[[ PROVIDED DATA, beginning ]]
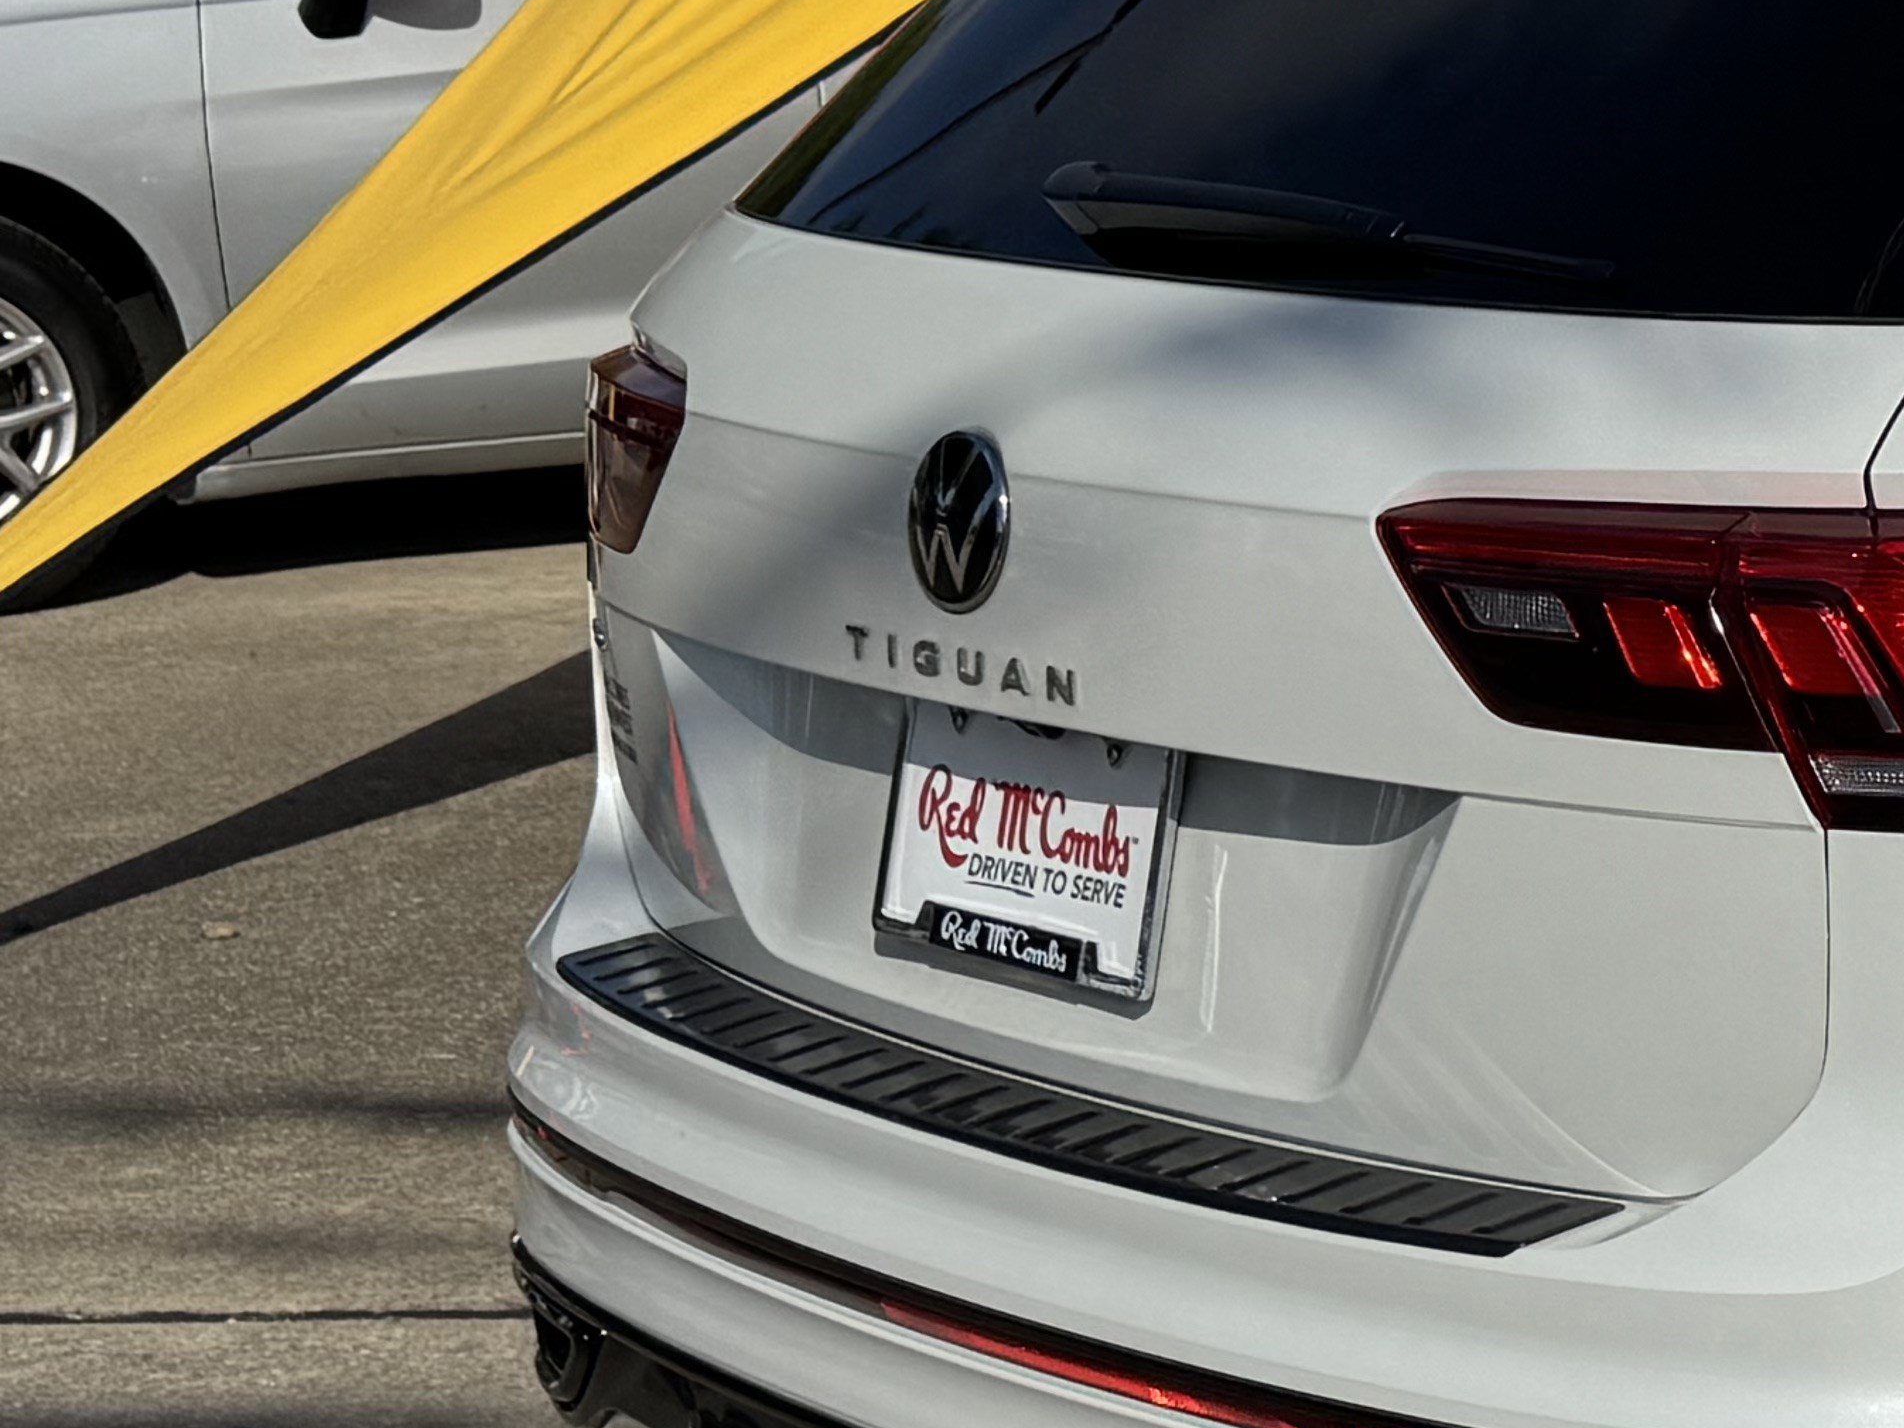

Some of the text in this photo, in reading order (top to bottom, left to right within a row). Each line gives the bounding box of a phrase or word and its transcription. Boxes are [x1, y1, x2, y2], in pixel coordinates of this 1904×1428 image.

[846, 624, 1076, 707] TIGUAN
[918, 763, 987, 868] Red
[967, 853, 1127, 909] DRIVEN TO SERVE
[940, 910, 981, 952] Red
[[ PROVIDED DATA, end ]]
_WHAT YOU NEED TO DO:_
Omit the pictures and output all of the other material exactly.

_RESPONSE:_
Some of the text in this photo, in reading order (top to bottom, left to right within a row). Each line gives the bounding box of a phrase or word and its transcription. Boxes are [x1, y1, x2, y2], in pixel coordinates of this 1904×1428 image.

[846, 624, 1076, 707] TIGUAN
[918, 763, 987, 868] Red
[967, 853, 1127, 909] DRIVEN TO SERVE
[940, 910, 981, 952] Red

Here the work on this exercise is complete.